Thank you for your review and for acknowledging the interesting phenomenon we identified.

W1: The cognitive experts seem to be domain-specific. I wonder whether different datasets in the same domain would result in different cognitive experts? For example, will MATH-500 and AIME have the same cognitive experts?

You are correct that the exact set of top experts can vary between datasets, even within the same domain. For instance, comparing the top-5 cognitive experts for AIME24, MATH, and GSM8K, we find both shared and dataset-specific experts.
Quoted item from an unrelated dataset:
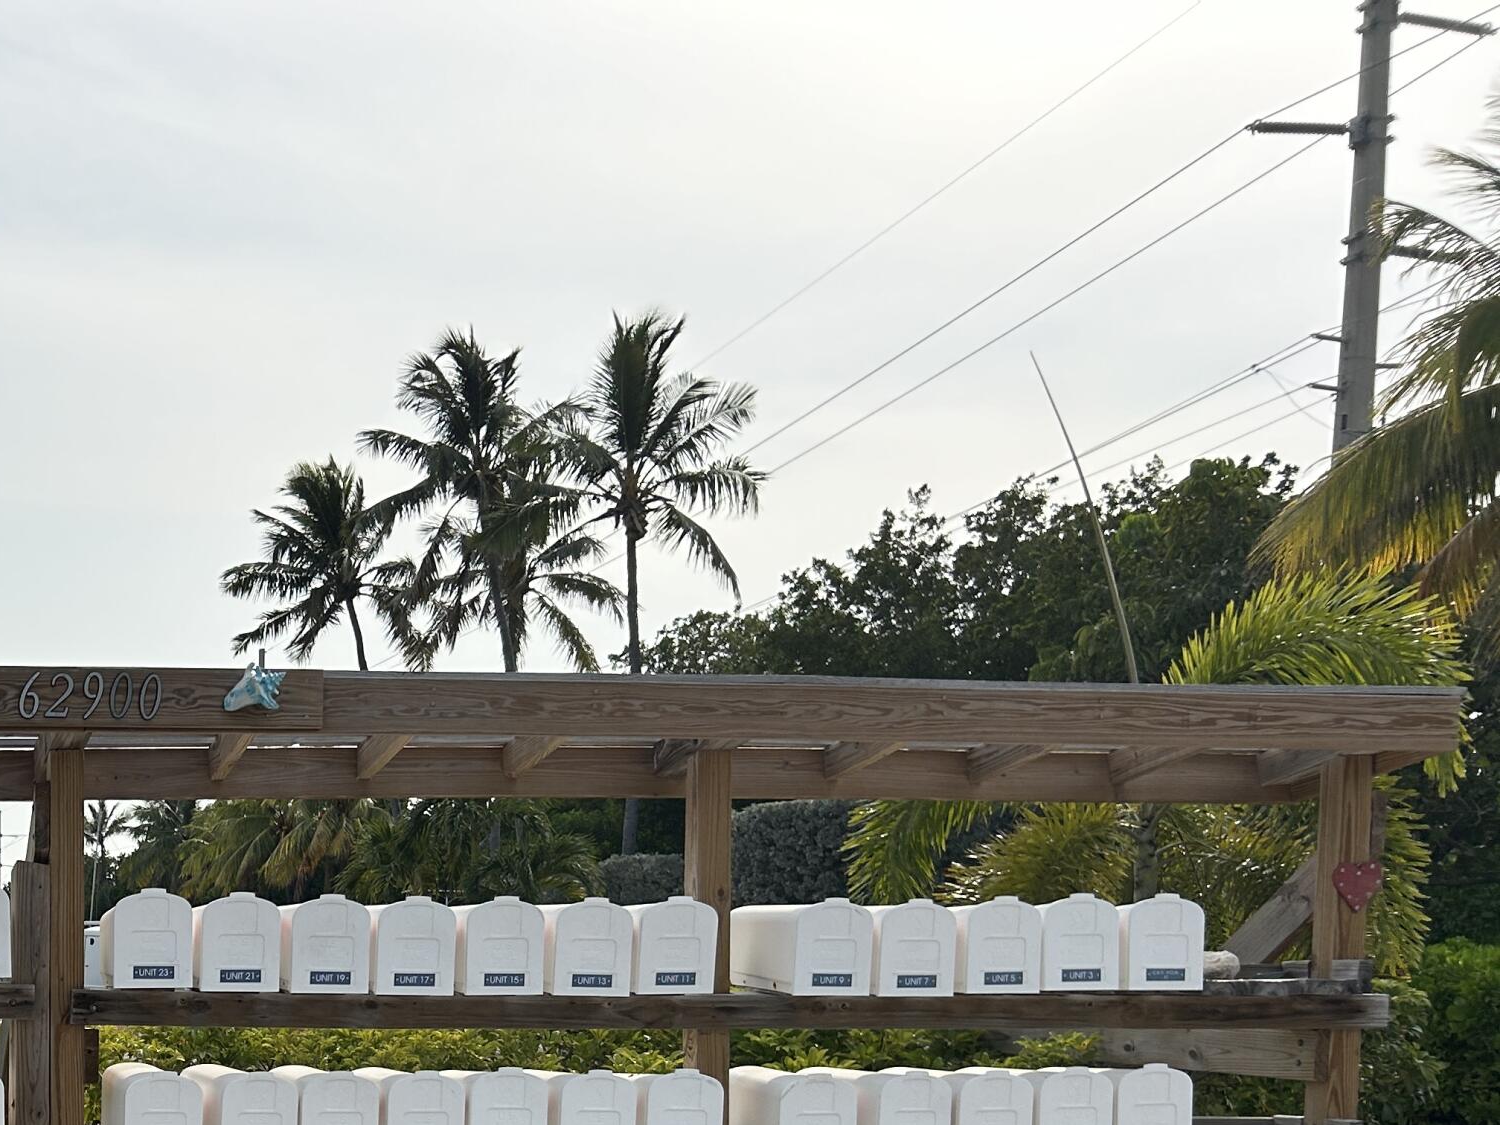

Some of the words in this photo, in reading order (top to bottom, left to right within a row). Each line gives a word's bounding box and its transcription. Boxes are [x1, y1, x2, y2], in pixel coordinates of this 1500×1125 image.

For example, the 182nd expert at layer 39 appear in the top-5 across all three math datasets, suggesting they support general mathematical reasoning. In contrast, other experts may focus on patterns unique to each dataset. We'll add this observation to the paper.

W2&Q1: The reinforcing method seems to only work in math, instead of in any other domains. Whether the proposed method still outperform other steering methods?

• Performance in Other Domains: Applying RICE sometimes degraded performance in non-math dmains (e.g., Physics, Biology in Table 4). This was the result of a specific experimental choice to test generalization. In the original manuscript, we used hyperparameters (steering multiplier = 64) tuned only on the math domain (AIME) and applied them directly to all other domains.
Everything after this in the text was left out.